Cependant, ce sont les Flamands (... et encore Belges) de VIVE LA
FETE qui m'assènent préalablement la claque de la journée: une toute,
toute grande prestation qui met le feu dans un public dense et compact où
quelques drapeaux belges ont cette fois la part belle. Chantant en français
(?!), ils démontrent un style bien particulier à mi chemin entre Human
League et... Black Label Society (si, si !),
appréciation toute personnelle de ce band pour le moins aussi efficace que
visuel (avec sa pour le moins pulpeuse chanteuse).
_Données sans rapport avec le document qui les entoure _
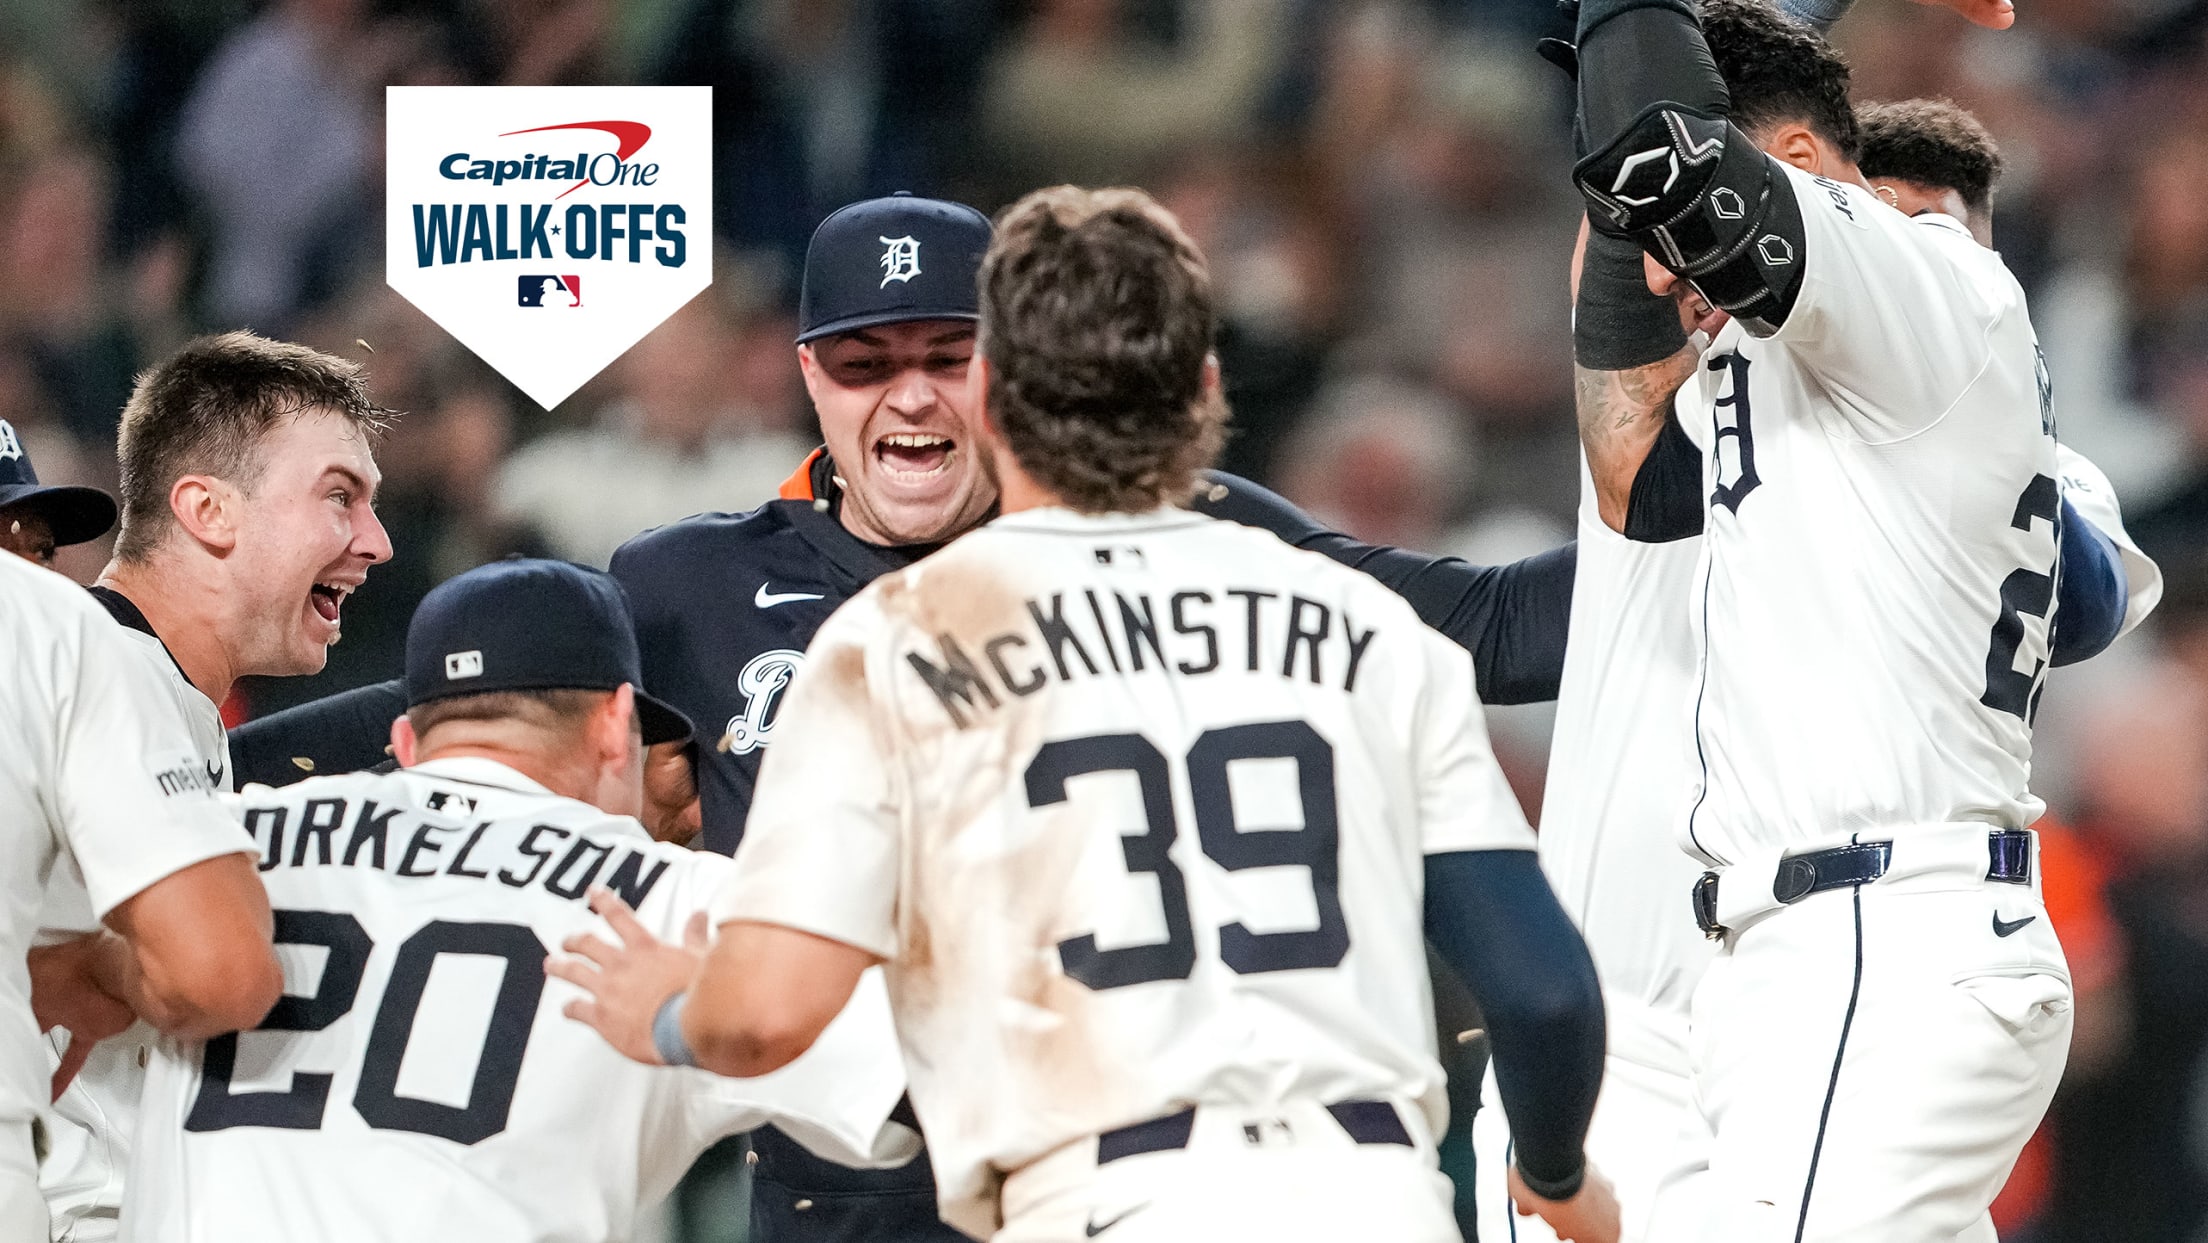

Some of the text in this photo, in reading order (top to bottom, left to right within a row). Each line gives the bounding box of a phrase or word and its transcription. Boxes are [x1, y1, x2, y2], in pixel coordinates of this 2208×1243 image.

Et les bons moments passés
ensemble backstage avec Charlie Winston (dont la loge jouxte
celle des Flamands) qui s'invite dans la rigolade n'est pas non plus le moins
bon de mes souvenirs: comme il m'apprend qu'il joue à Bruxelles demain, on est
quasi entre Belges...



Ces moments compensent le set de MIKA qui me laisse comme
pressenti tout à fait indifférent, au même titre que celui de THIRTY
SECONDS TO MARS. A l'affiche pour attirer les festivaliers les plus
jeunes - business target - ces prestations peu r'n'r sont bien mièvres
et surtout trop proprettes et gentillettes à mes oreilles, celles-ci préférant
la lourdeur de ENTER SHAKIRI ou encore de PARADISE
LOST qui partagent d'autres scènes pour n'en citer que quelques
uns...




Le samedi s'annonce chaud, et de fait: sur la grande plaine et sous un soleil
de plomb, s'organise en début d'après-midi la répétition générale pour le
flash mob géant annoncé au programme. Du haut de la main stage où je
me poste, le spectacle et l'ambiance sont en effet des plus impressionnants. Se
succéderont ensuite sur cette scène principale les Italiens de
SUBSONICA puis notamment l'ersatz hongrois d'Iron Maiden, en
l'occurrence le band actuel n°1 en Hongrie: TANKCSAPDA.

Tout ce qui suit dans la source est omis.